On Memorial Day weekend, the town brought back its Regatta Festival on the lake, welcoming "tremendous crowds and great sponsors," Trahan says.

"We've energized the town," he adds. "We've helped the real estate market because people are trying to buy up lakefront property. It's been a domino effect of a lot of positives.

"I could care less if that restaurant ever made a nickel," he continues. "This development/investment isn't about making the next million. It's about giving back and being able to help. If anything, God forbid when I have to lay in that box one day, I hope when people show up they say that guy was a blessed gentleman who stayed grounded, never forgot where he came from and always gave."

'Ungeeking' Tech Support

Rader Solutions serves as a virtual IT department for more than 150 companies both locally and nationwide.
By Heather Miller

If there's one thing Rader Solutions founder and CEO Chris Rader has learned through decades of experience in the IT business, it's that "the last person the CEO of a company wants to talk to is the IT guy."

Chris Rader / Photo by Robin May

That's been the premise behind Rader Solutions' key mission of providing high-level technical support to mid-sized companies, serving as each of their clients' entire IT department since Rader founded his business in 1998.

Rader and his staff of 12 - 15 employees manage IT systems for more than 150 mid-sized companies, typically adding one new client a week. Roughly half of his clientele is based in Louisiana while the other half is spread out nationwide.

"We have ungeeked IT support," Rader says. "I don't talk in real technical terms. Our customers feel like we're right next to them when we're on the phone."

A New Iberia native and Lafayette resident, Rader grew up around his family's lumber business. He later studied computer information systems at Spring Hill College in Mobile, Ala., then obtained an MBA from Vanderbilt University and combined his skills by installing software in lumber yards for several years.

He credits the success of his company to the "solid and robust infrastructure" the business has been building for the past 15 years. With a private cloud system that Rader's company created seven years ago, "we've leveraged [our resources] so that we're able to respond quicker than other IT companies."

"Overnight is not enough anymore," Rader says. "When customers make acquisitions, we execute quickly and have strong relationships nationwide."

Today, his client list ranges from construction and building companies to the health care and oil and gas sectors. Clients can reach Rader by phone morning or night, as the company offers extended business hours of 6:30 a.m. to 5:30 p.m. and year-round, 24-hour a day on-call availability.

As Opportunity Machine Executive Director Bob Miller puts it, to be a true entrepreneur, "you have to be a visionary."

"You have to absolutely love what you're doing and know the value of people," Miller says. "Be able to balance finance with the need to create. Love solving problems. Be able to change the path of your company based on what you find while you're working with customers to develop the product.

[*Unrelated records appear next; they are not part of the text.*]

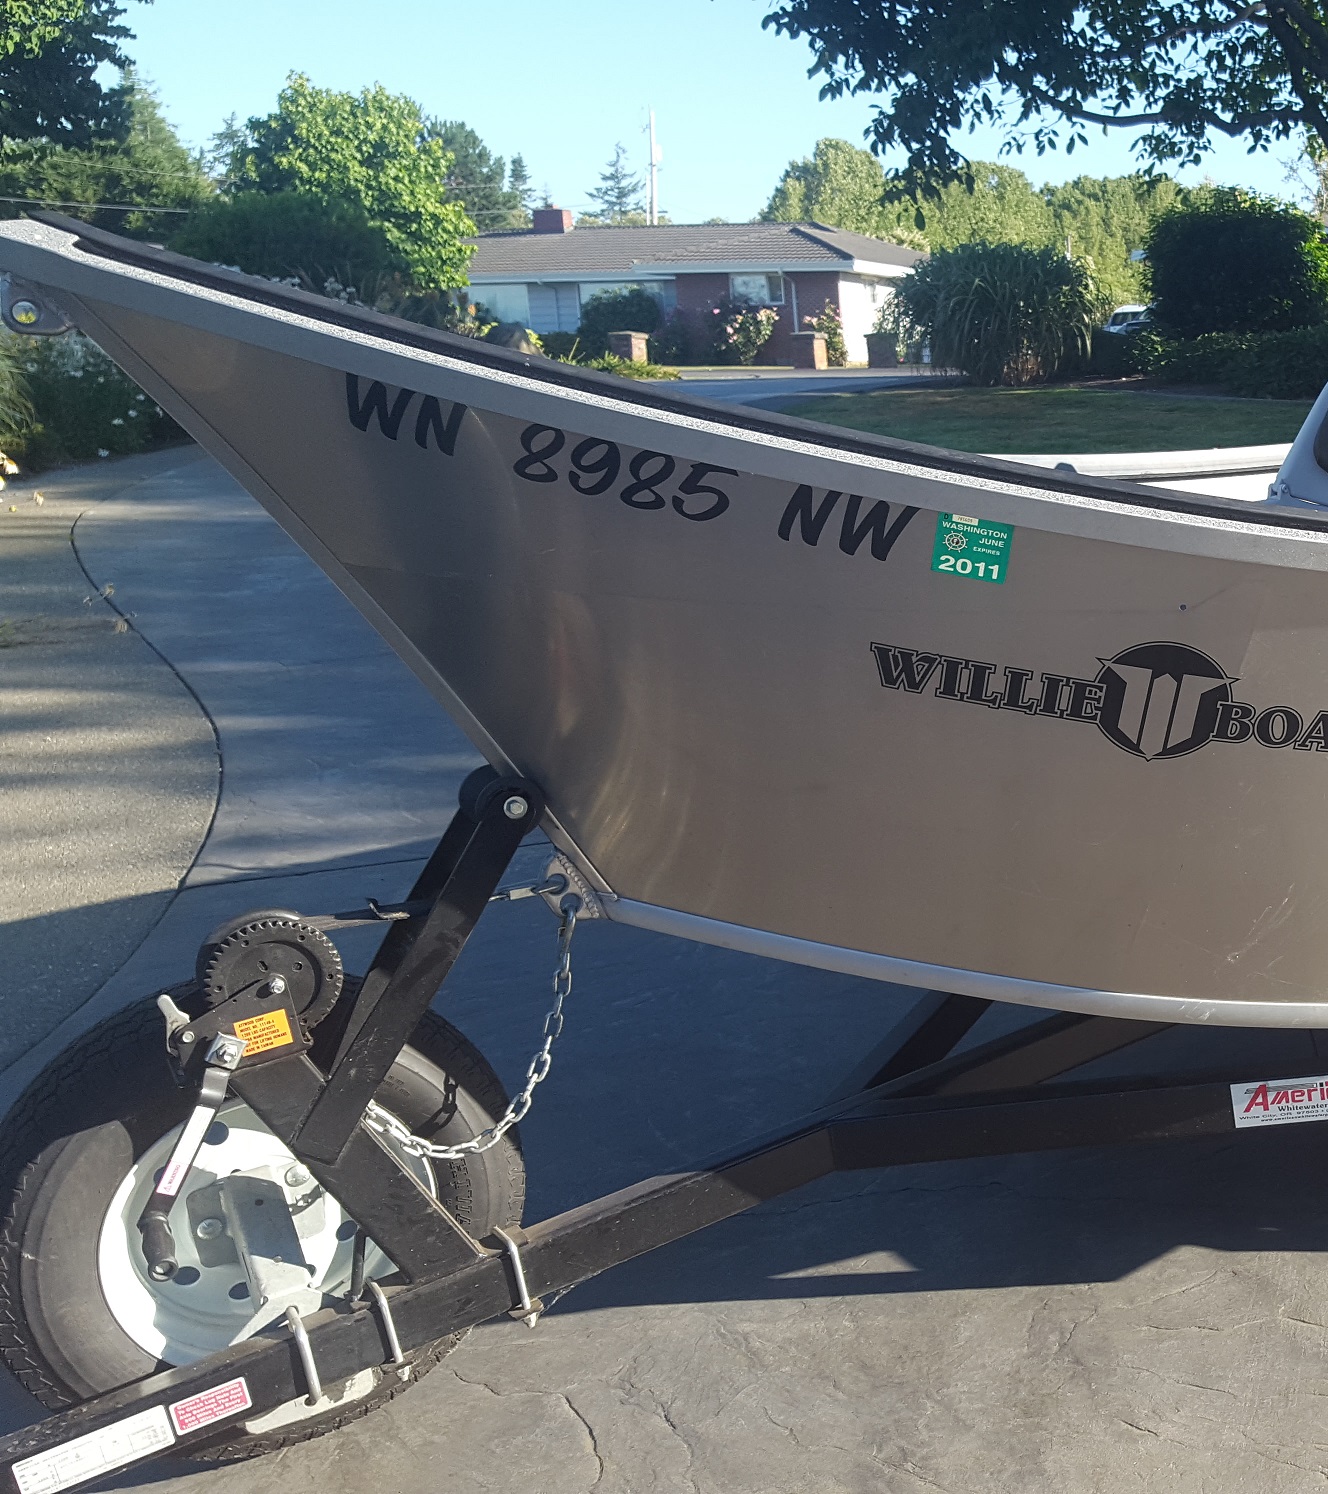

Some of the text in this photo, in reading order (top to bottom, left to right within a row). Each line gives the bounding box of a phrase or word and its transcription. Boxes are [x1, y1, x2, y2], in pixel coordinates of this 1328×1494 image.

[345, 373, 922, 562] WN 8985 NW
[942, 521, 1008, 539] WASHINGTON
[979, 538, 1005, 548] JUNE
[973, 546, 1000, 556] EXPIRES
[938, 555, 999, 580] 2011
[870, 641, 1106, 723] WILLIE
[259, 1024, 276, 1032] CAPACITY
[1277, 1102, 1328, 1112] Whitewater

Be persistent and not willing to be stop just because people tell you it won't work."

Rader Solutions also provides donations in the form of IT support to several area nonprofits, including the Lafayette Community Health Care Clinic, the Miles Perret Cancer Center and the Community Foundation of Acadiana.

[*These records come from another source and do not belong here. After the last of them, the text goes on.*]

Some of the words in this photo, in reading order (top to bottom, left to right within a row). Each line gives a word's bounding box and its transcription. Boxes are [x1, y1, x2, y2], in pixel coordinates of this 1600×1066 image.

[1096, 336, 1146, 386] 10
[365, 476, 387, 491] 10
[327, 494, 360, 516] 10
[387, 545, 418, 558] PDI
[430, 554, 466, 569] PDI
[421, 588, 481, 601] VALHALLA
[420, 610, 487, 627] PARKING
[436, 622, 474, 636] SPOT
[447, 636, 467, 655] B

"We spend a lot of time giving back to the community," says Rader, who also serves on the board of Sacred Heart Academy in Grand Coteau. "We treat out people right, offer free lunch to employees, full benefits and profit sharing. A lot of kids coming out of college don't have opportunities for that. At the end of the day the only reason we succeed is because of the people that work with me. It's all about them."